Text-to-region grounding data:
◇ ◇ ◇ ◇
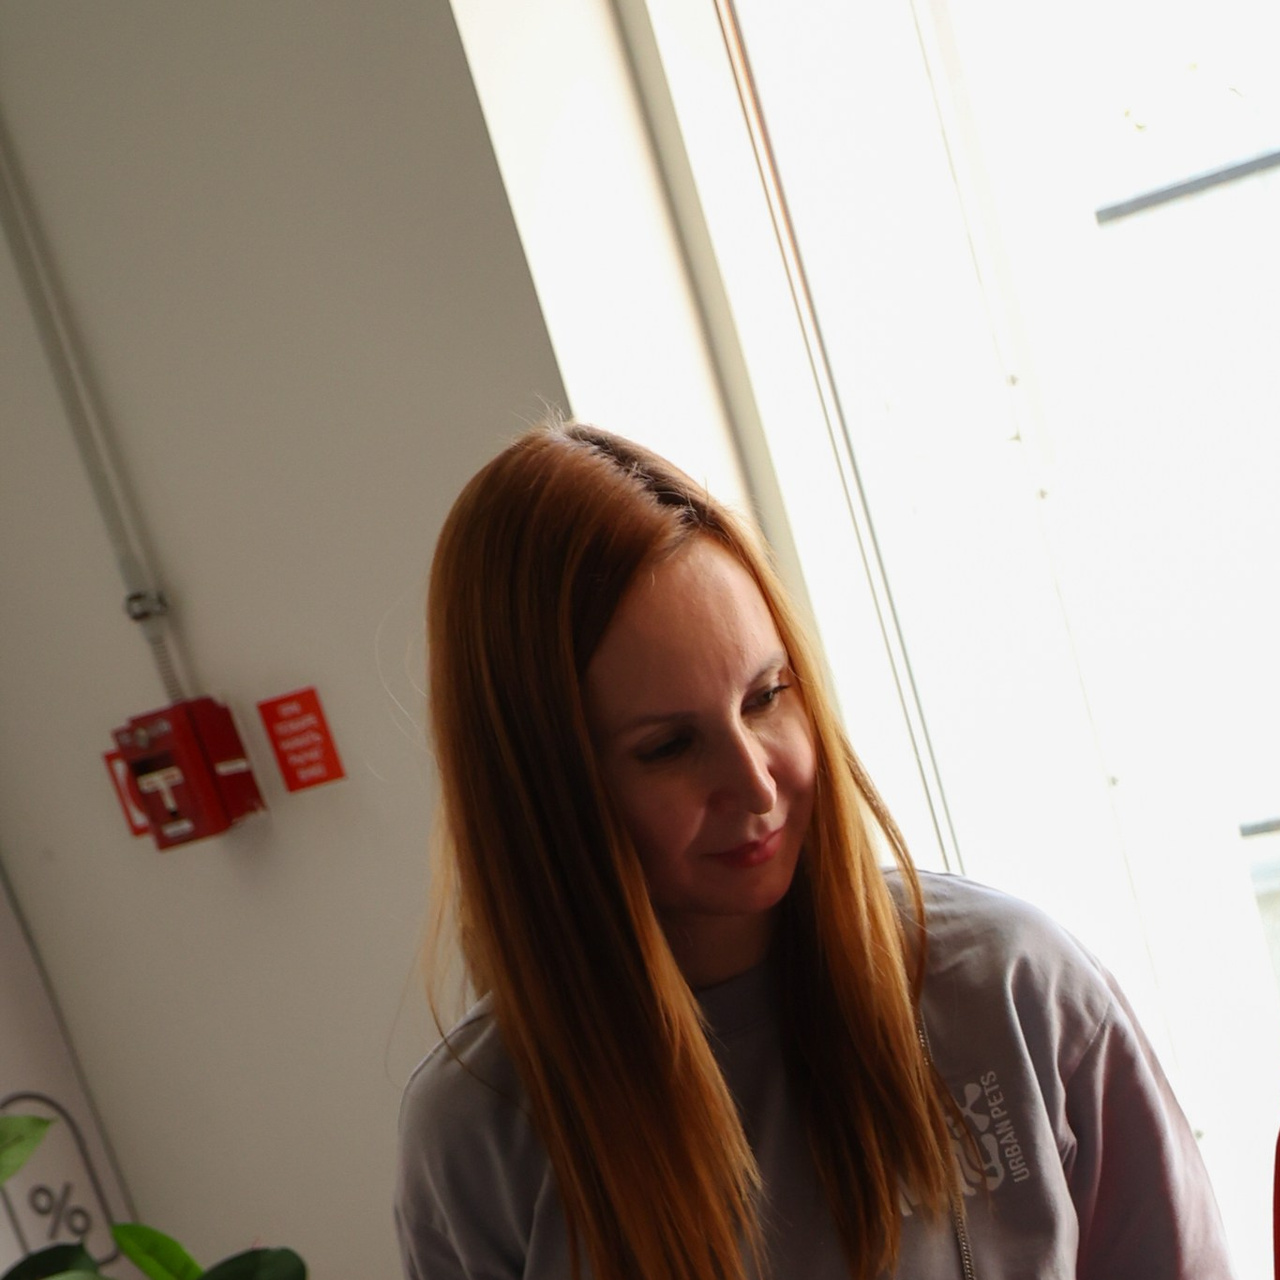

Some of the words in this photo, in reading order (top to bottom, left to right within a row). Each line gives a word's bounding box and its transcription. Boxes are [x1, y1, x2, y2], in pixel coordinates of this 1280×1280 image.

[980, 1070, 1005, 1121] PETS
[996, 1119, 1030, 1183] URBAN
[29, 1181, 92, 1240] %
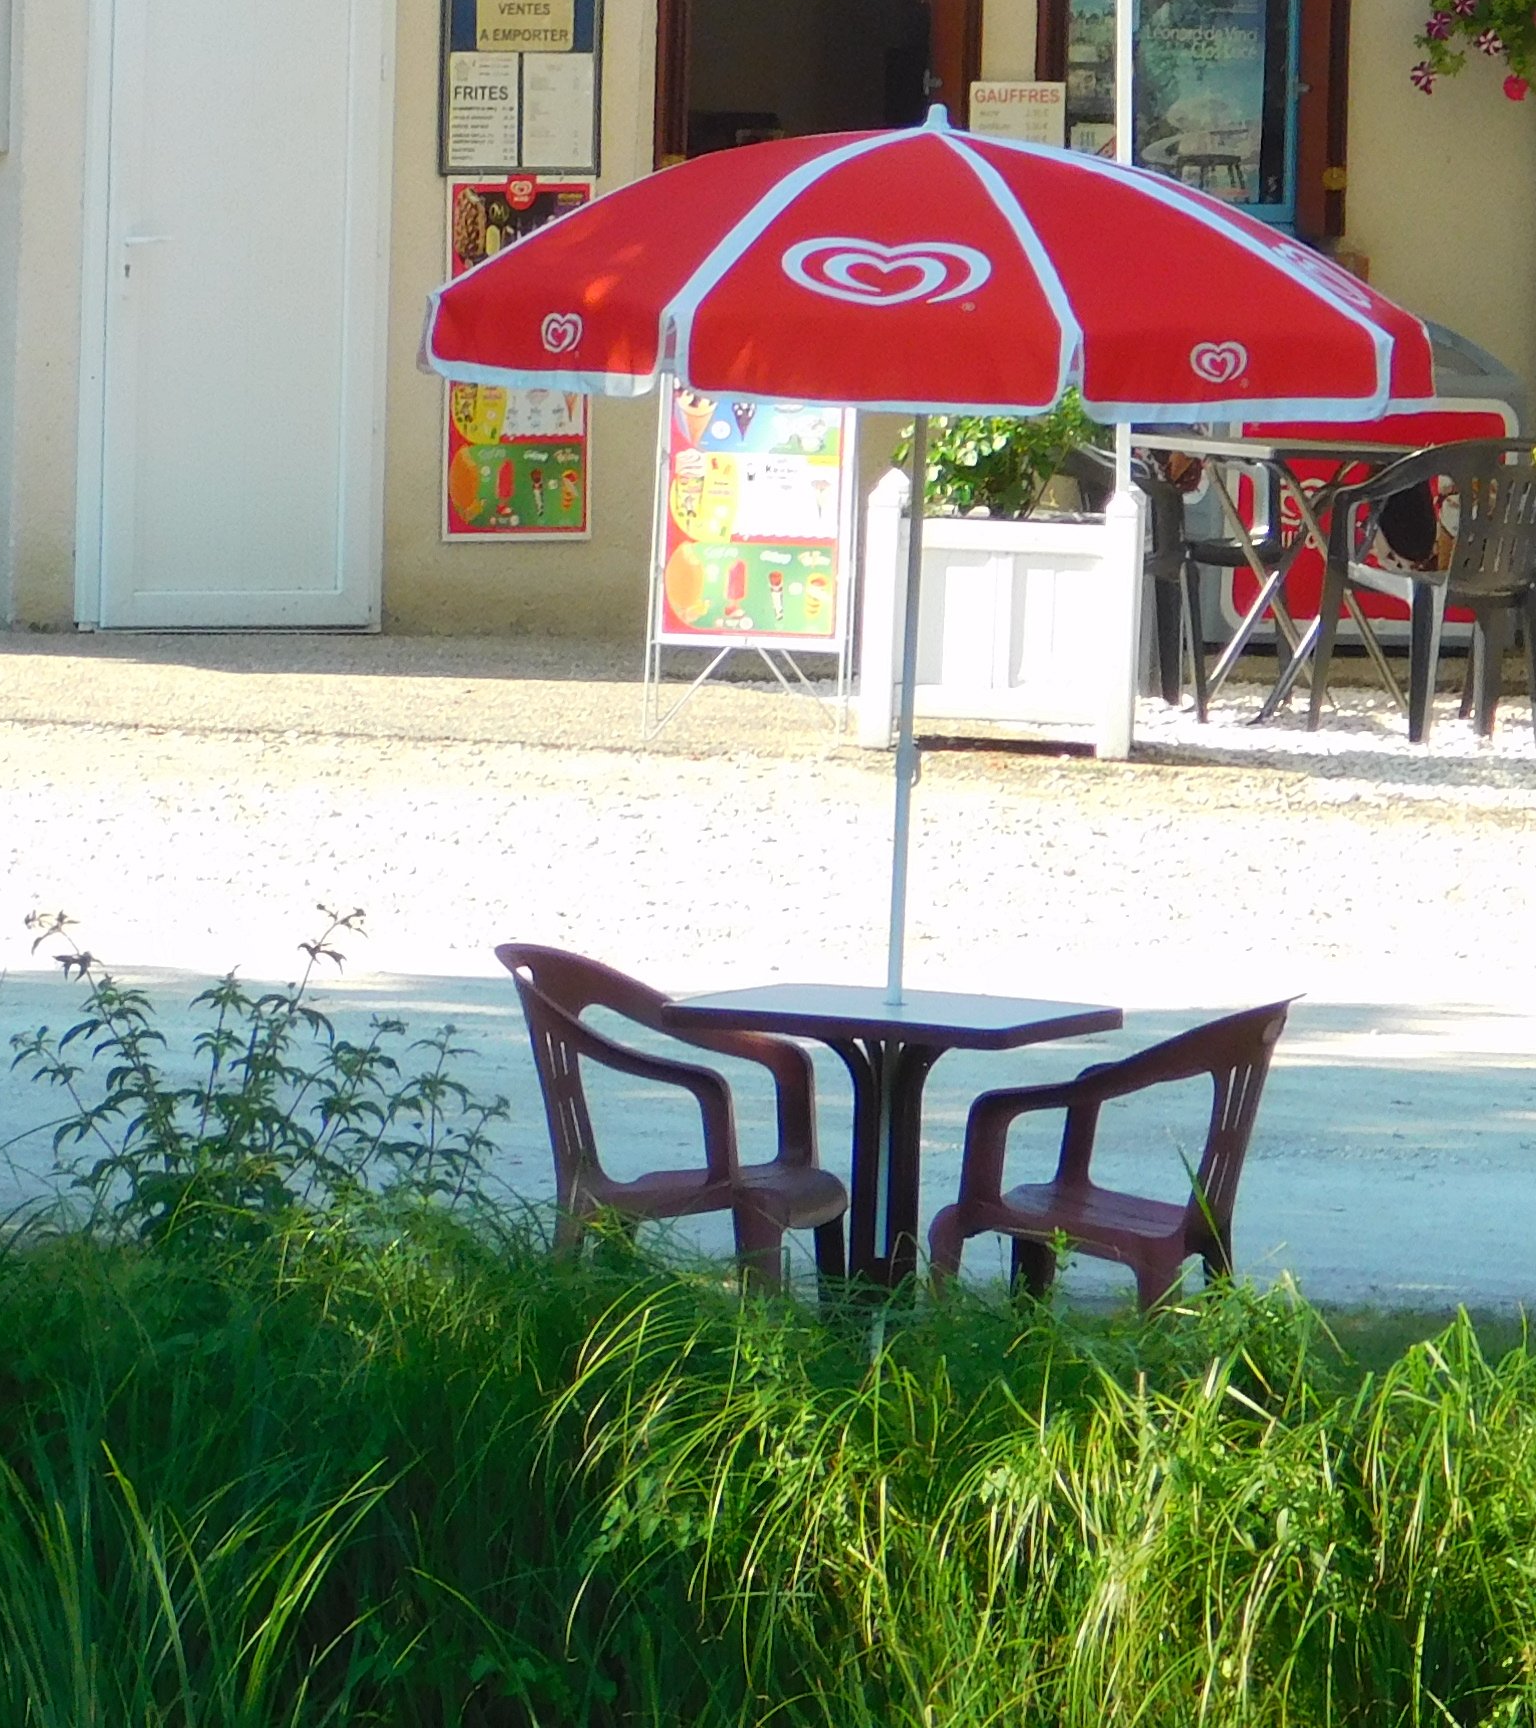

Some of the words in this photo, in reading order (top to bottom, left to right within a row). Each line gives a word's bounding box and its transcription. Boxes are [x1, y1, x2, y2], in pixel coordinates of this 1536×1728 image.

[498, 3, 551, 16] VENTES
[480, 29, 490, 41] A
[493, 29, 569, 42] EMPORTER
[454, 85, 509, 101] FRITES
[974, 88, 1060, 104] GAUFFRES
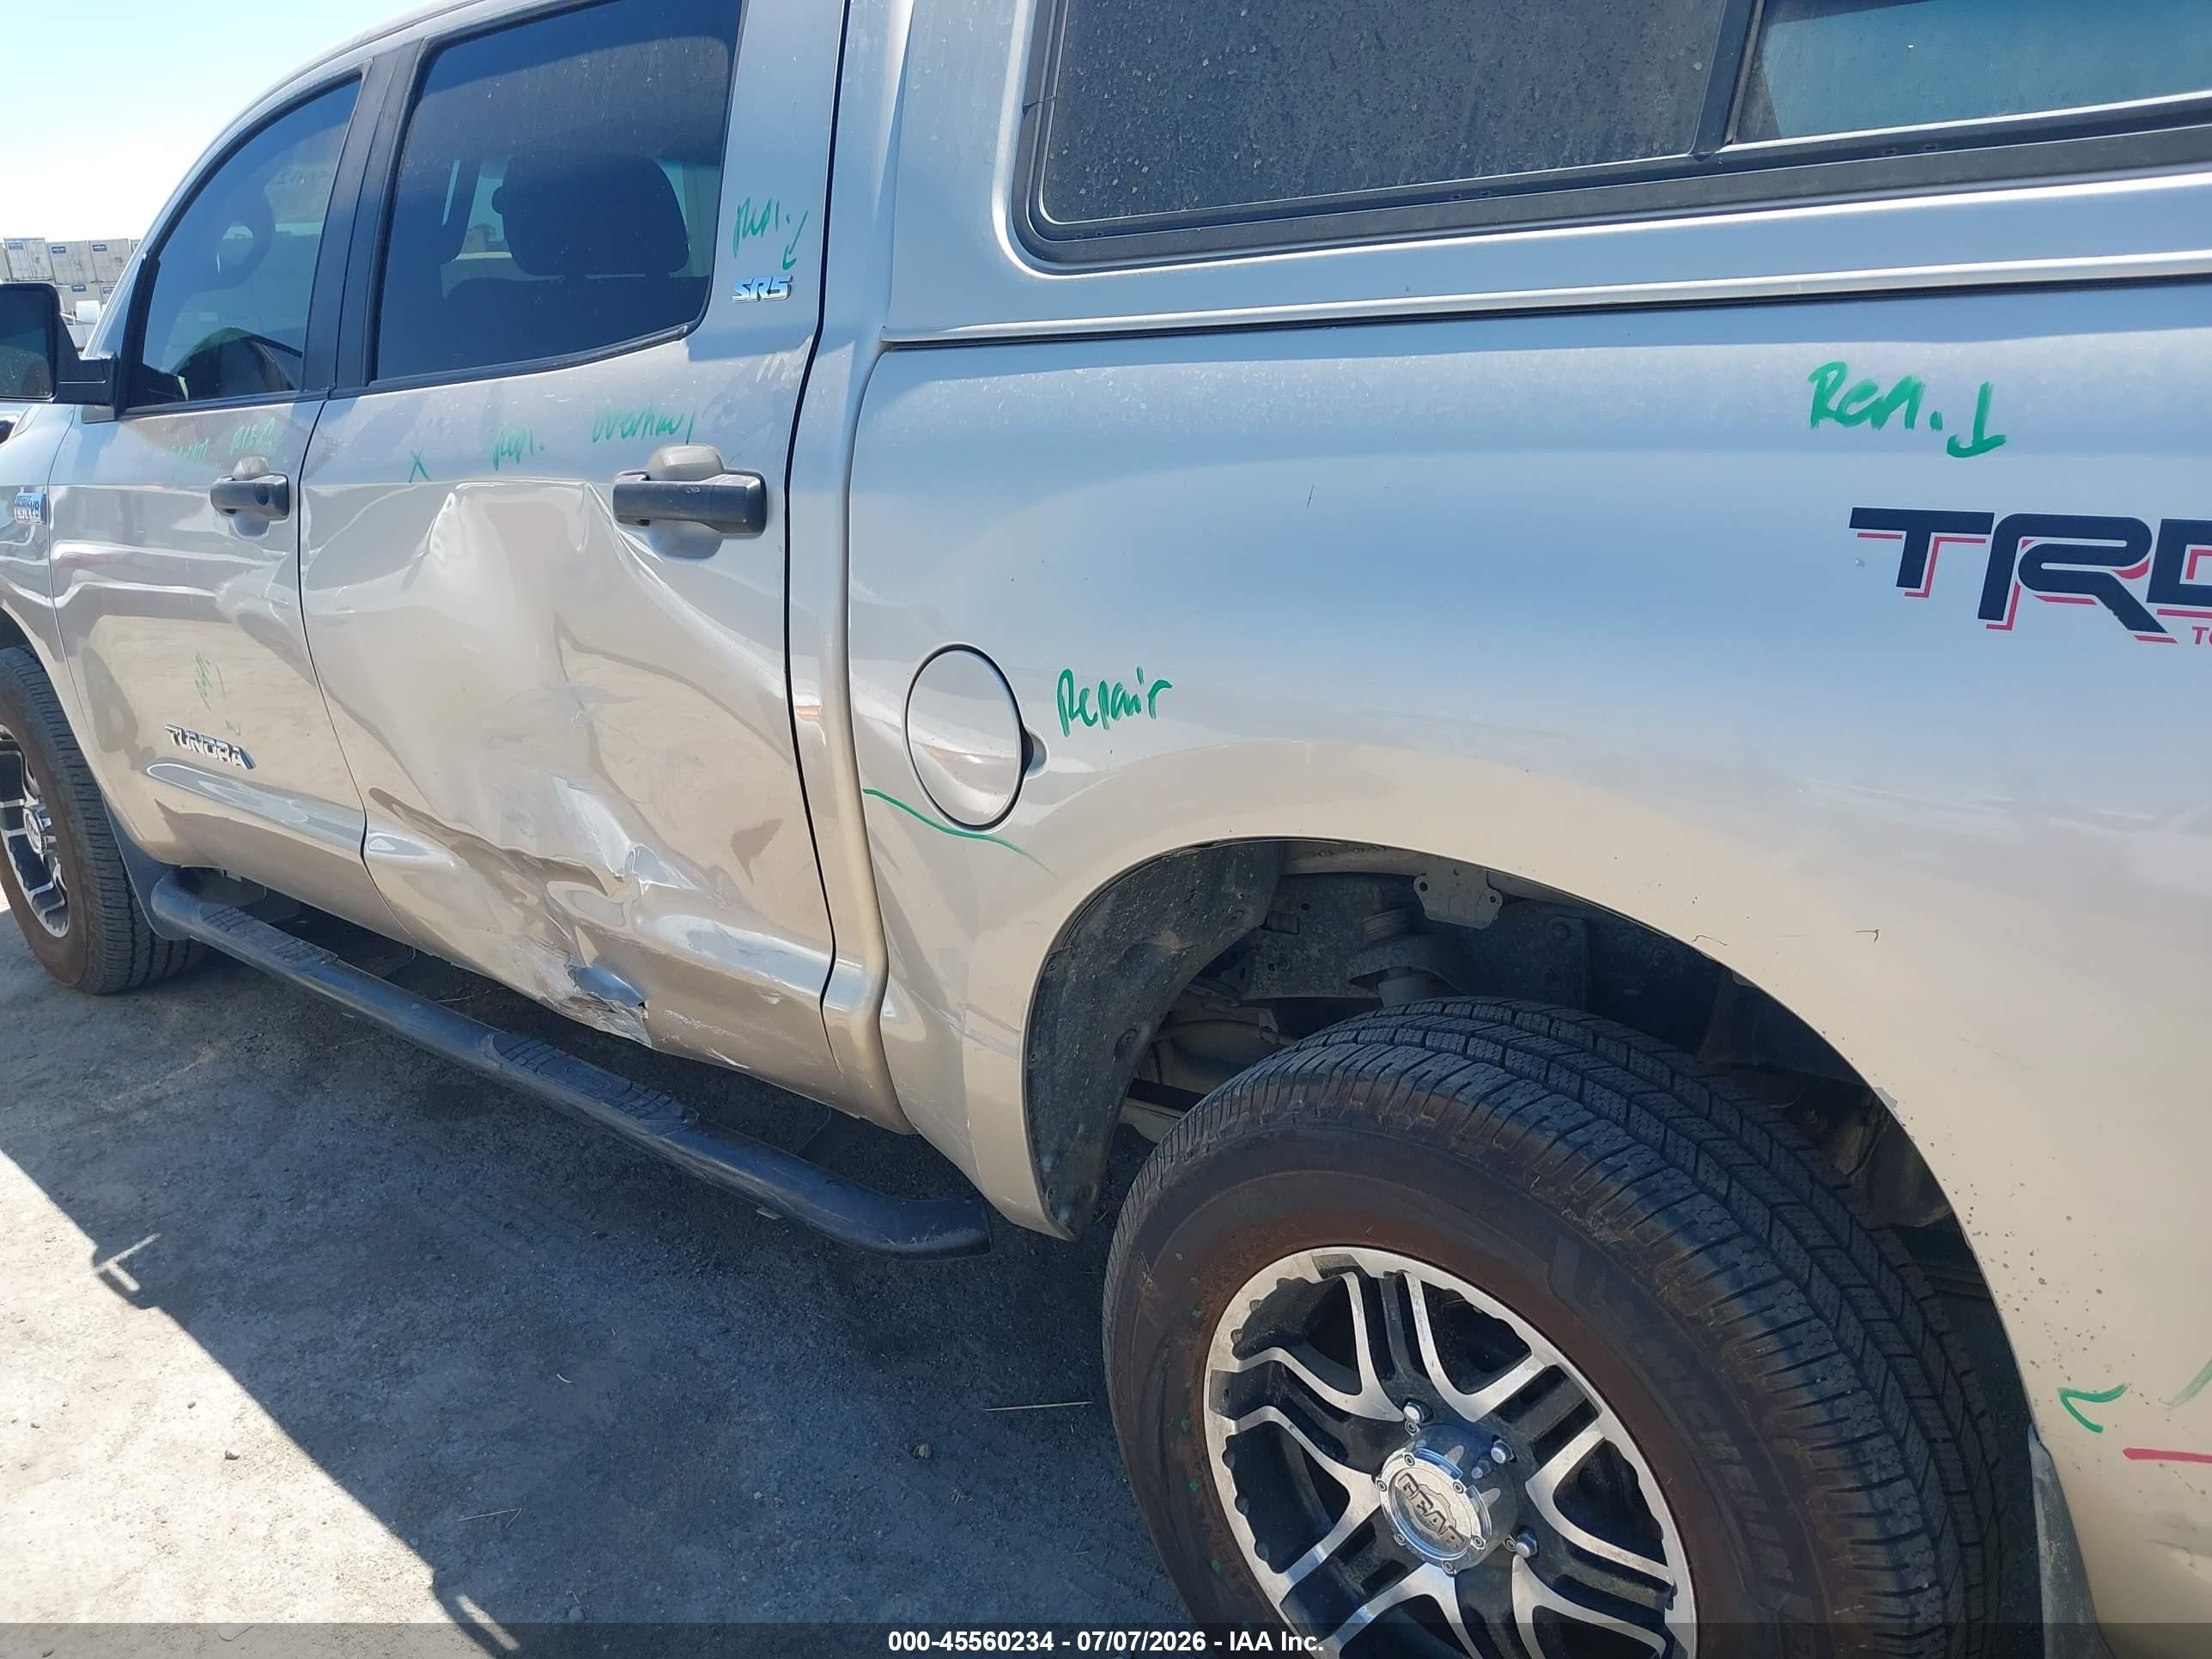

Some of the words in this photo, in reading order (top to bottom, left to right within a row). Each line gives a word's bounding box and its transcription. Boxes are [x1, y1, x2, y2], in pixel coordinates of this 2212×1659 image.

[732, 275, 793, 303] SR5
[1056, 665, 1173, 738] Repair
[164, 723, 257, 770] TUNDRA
◇ ◇ ◇ ◇
* [WORK INSTRUCTIONS] Each line from the one holding "this 2212×1659 image." to the end of the data above goes into the answer exactly as written, and no other line does.

* [RESPONSE TO THIS EXERCISE]
Some of the words in this photo, in reading order (top to bottom, left to right within a row). Each line gives a word's bounding box and its transcription. Boxes are [x1, y1, x2, y2], in pixel coordinates of this 2212×1659 image.

[732, 275, 793, 303] SR5
[1056, 665, 1173, 738] Repair
[164, 723, 257, 770] TUNDRA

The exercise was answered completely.